### Problem to work on
What you print should match the entries exactly, only without the pictures.

### Stored data entries

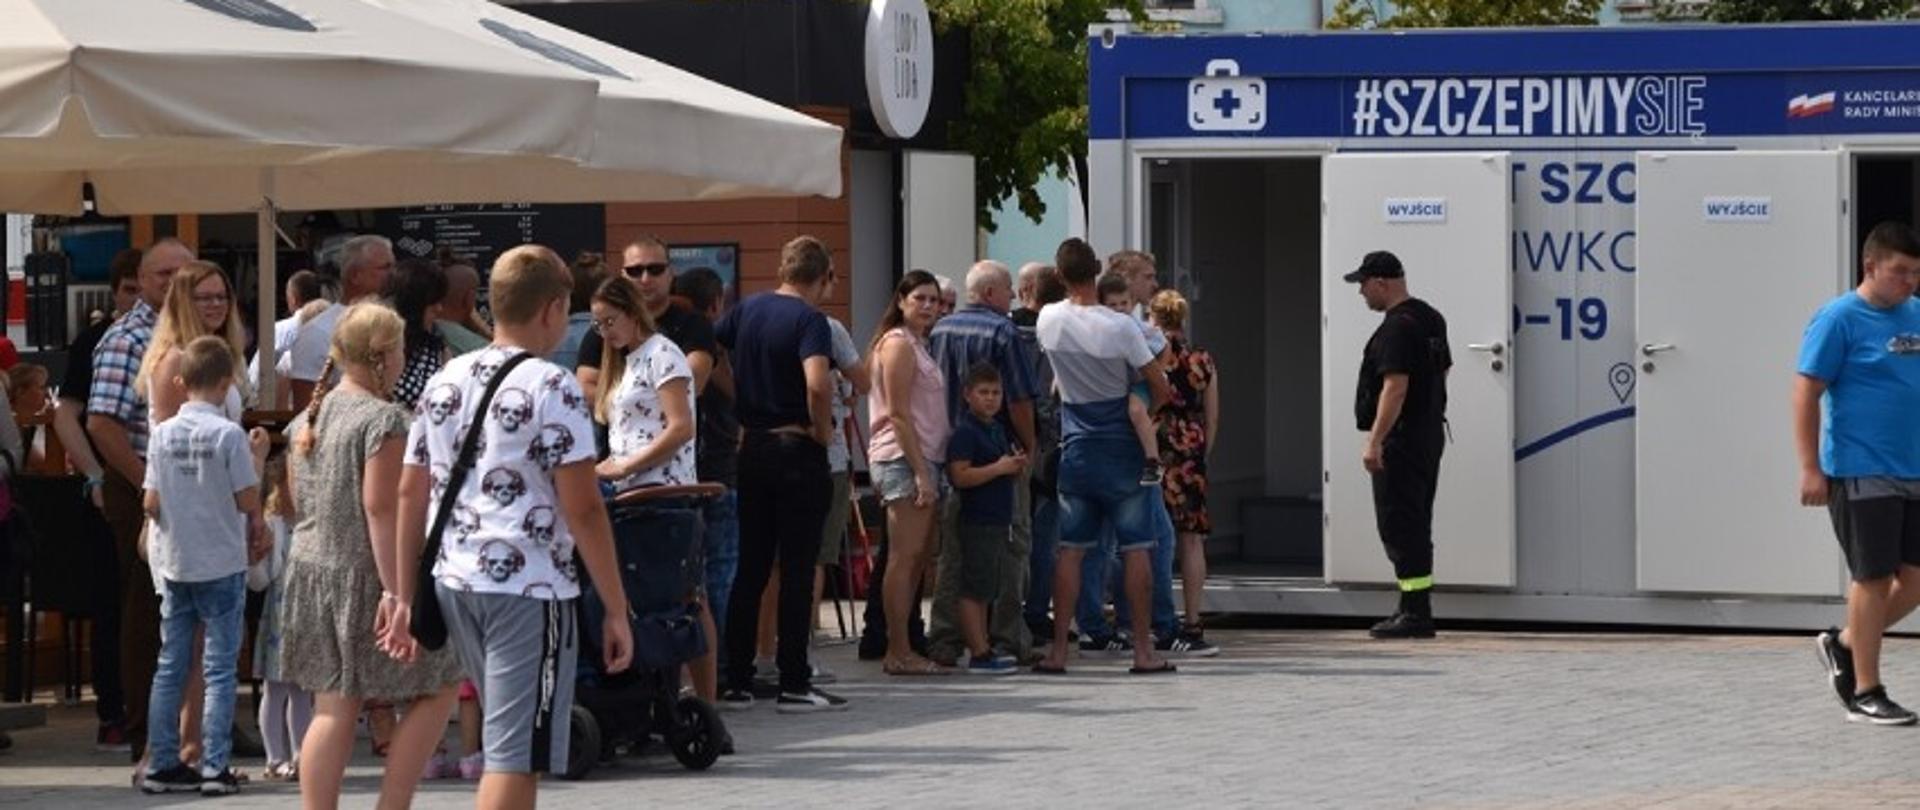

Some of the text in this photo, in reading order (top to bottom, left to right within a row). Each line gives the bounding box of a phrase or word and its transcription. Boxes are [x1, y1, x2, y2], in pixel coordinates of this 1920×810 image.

[1843, 106, 1880, 118] RADY
[1387, 201, 1443, 216] WYJŚCIE
[1707, 201, 1768, 216] WYJŚCIE
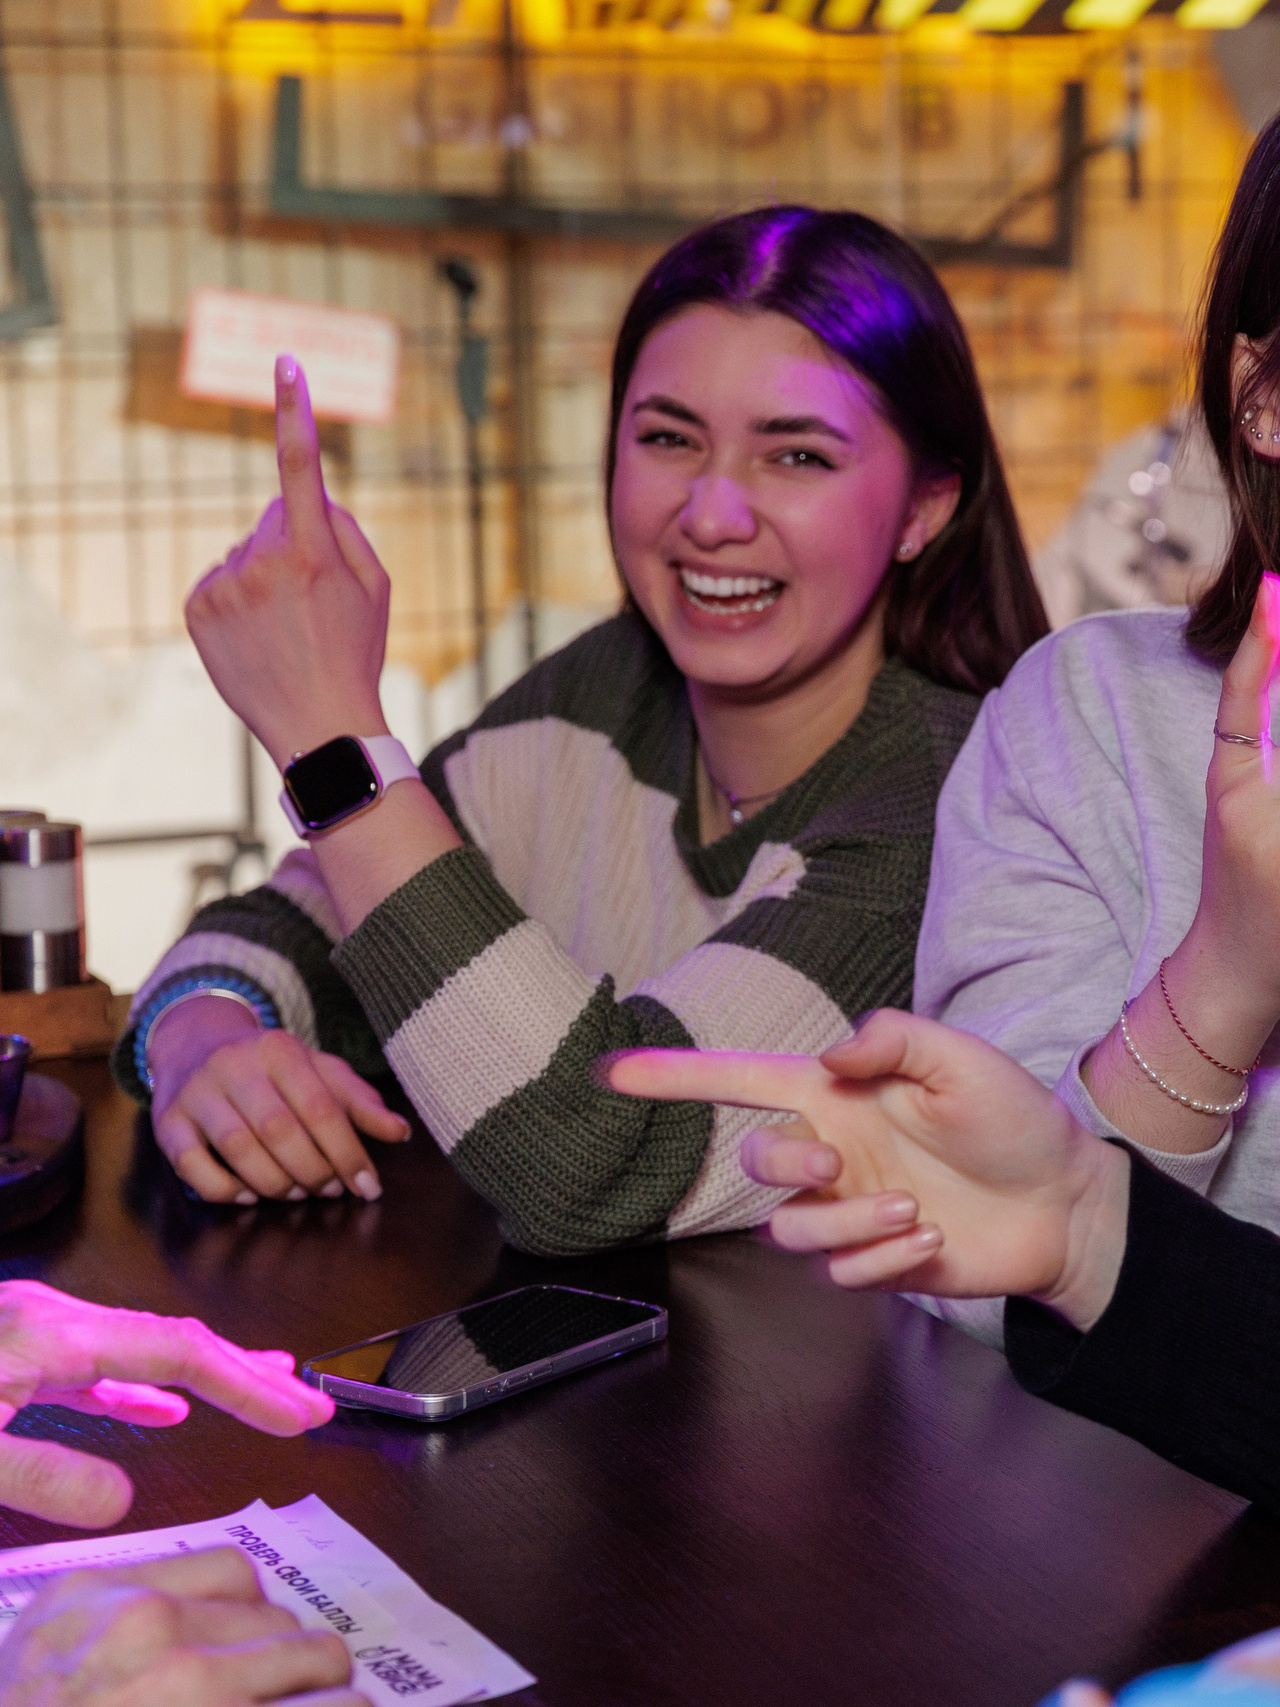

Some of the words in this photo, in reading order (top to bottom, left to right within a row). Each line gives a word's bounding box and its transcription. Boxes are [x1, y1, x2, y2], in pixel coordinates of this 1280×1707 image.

[415, 72, 961, 152] GSTROPUB
[224, 1524, 285, 1567] ПРОВЕРЬ
[274, 1565, 320, 1596] СВОИ
[305, 1594, 363, 1635] БАЛЛЫ
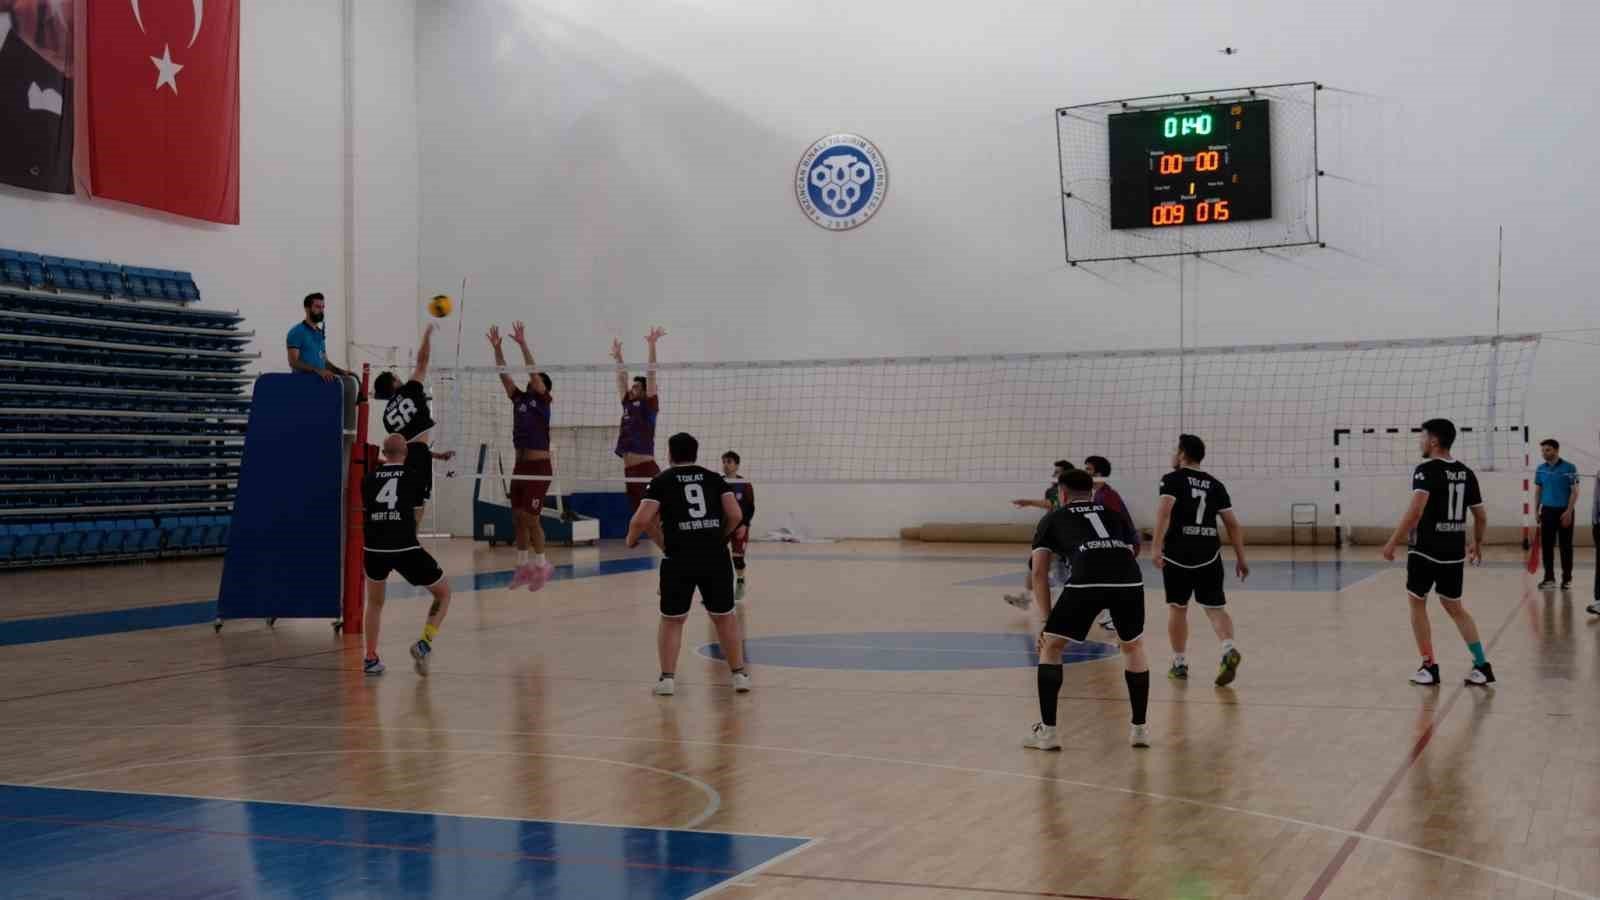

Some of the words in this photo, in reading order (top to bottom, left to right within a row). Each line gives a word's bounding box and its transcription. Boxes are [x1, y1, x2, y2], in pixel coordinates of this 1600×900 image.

[1160, 154, 1183, 175] 00
[1195, 151, 1219, 172] 00
[1152, 204, 1185, 226] 009
[1196, 201, 1230, 223] 015
[375, 470, 405, 478] TOKAT
[375, 477, 399, 510] 4
[684, 483, 707, 518] 9
[1191, 488, 1207, 525] 7
[1447, 483, 1465, 520] 11
[1083, 512, 1110, 539] 1

### Finished exercise
Some of the text in this photo, in reading order (top to bottom, left to right within a row). Each line gives the bounding box of a phrase or word and its transcription. Boxes are [x1, y1, x2, y2], in pixel coordinates of this 1920×810 image.

[1843, 106, 1880, 118] RADY
[1387, 201, 1443, 216] WYJŚCIE
[1707, 201, 1768, 216] WYJŚCIE

Some of the words in this photo, in reading order (top to bottom, left to right within a row). Each line gives a word's bounding box and its transcription. Boxes are [x1, y1, x2, y2], in pixel coordinates of this 1280×1707 image.

[415, 72, 961, 152] GSTROPUB
[224, 1524, 285, 1567] ПРОВЕРЬ
[274, 1565, 320, 1596] СВОИ
[305, 1594, 363, 1635] БАЛЛЫ

Some of the words in this photo, in reading order (top to bottom, left to right within a row). Each line gives a word's bounding box and its transcription. Boxes are [x1, y1, x2, y2], in pixel coordinates of this 1600×900 image.

[1160, 154, 1183, 175] 00
[1195, 151, 1219, 172] 00
[1152, 204, 1185, 226] 009
[1196, 201, 1230, 223] 015
[375, 470, 405, 478] TOKAT
[375, 477, 399, 510] 4
[684, 483, 707, 518] 9
[1191, 488, 1207, 525] 7
[1447, 483, 1465, 520] 11
[1083, 512, 1110, 539] 1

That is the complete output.